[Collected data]

-------

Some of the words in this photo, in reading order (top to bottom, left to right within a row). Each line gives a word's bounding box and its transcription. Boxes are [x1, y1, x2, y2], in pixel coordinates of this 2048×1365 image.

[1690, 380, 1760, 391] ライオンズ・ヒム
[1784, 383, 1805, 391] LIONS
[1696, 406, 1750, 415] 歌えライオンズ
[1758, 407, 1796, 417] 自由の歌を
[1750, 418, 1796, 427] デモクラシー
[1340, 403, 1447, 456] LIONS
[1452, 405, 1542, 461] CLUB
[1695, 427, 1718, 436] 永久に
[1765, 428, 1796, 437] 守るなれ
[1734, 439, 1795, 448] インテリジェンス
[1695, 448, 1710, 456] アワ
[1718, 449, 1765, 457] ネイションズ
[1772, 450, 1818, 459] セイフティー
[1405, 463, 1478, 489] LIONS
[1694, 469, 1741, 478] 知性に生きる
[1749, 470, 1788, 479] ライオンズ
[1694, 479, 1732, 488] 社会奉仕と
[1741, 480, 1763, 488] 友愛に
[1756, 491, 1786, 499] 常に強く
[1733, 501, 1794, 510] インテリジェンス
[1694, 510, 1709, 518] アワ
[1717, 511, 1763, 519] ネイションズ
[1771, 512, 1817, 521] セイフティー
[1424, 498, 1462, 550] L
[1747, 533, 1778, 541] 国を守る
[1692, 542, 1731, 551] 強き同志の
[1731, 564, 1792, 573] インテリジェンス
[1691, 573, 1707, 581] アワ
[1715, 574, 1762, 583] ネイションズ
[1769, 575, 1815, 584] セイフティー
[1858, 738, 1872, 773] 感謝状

-------

## Brief
Retype the records, line for line.

## Response
Some of the words in this photo, in reading order (top to bottom, left to right within a row). Each line gives a word's bounding box and its transcription. Boxes are [x1, y1, x2, y2], in pixel coordinates of this 2048×1365 image.

[1690, 380, 1760, 391] ライオンズ・ヒム
[1784, 383, 1805, 391] LIONS
[1696, 406, 1750, 415] 歌えライオンズ
[1758, 407, 1796, 417] 自由の歌を
[1750, 418, 1796, 427] デモクラシー
[1340, 403, 1447, 456] LIONS
[1452, 405, 1542, 461] CLUB
[1695, 427, 1718, 436] 永久に
[1765, 428, 1796, 437] 守るなれ
[1734, 439, 1795, 448] インテリジェンス
[1695, 448, 1710, 456] アワ
[1718, 449, 1765, 457] ネイションズ
[1772, 450, 1818, 459] セイフティー
[1405, 463, 1478, 489] LIONS
[1694, 469, 1741, 478] 知性に生きる
[1749, 470, 1788, 479] ライオンズ
[1694, 479, 1732, 488] 社会奉仕と
[1741, 480, 1763, 488] 友愛に
[1756, 491, 1786, 499] 常に強く
[1733, 501, 1794, 510] インテリジェンス
[1694, 510, 1709, 518] アワ
[1717, 511, 1763, 519] ネイションズ
[1771, 512, 1817, 521] セイフティー
[1424, 498, 1462, 550] L
[1747, 533, 1778, 541] 国を守る
[1692, 542, 1731, 551] 強き同志の
[1731, 564, 1792, 573] インテリジェンス
[1691, 573, 1707, 581] アワ
[1715, 574, 1762, 583] ネイションズ
[1769, 575, 1815, 584] セイフティー
[1858, 738, 1872, 773] 感謝状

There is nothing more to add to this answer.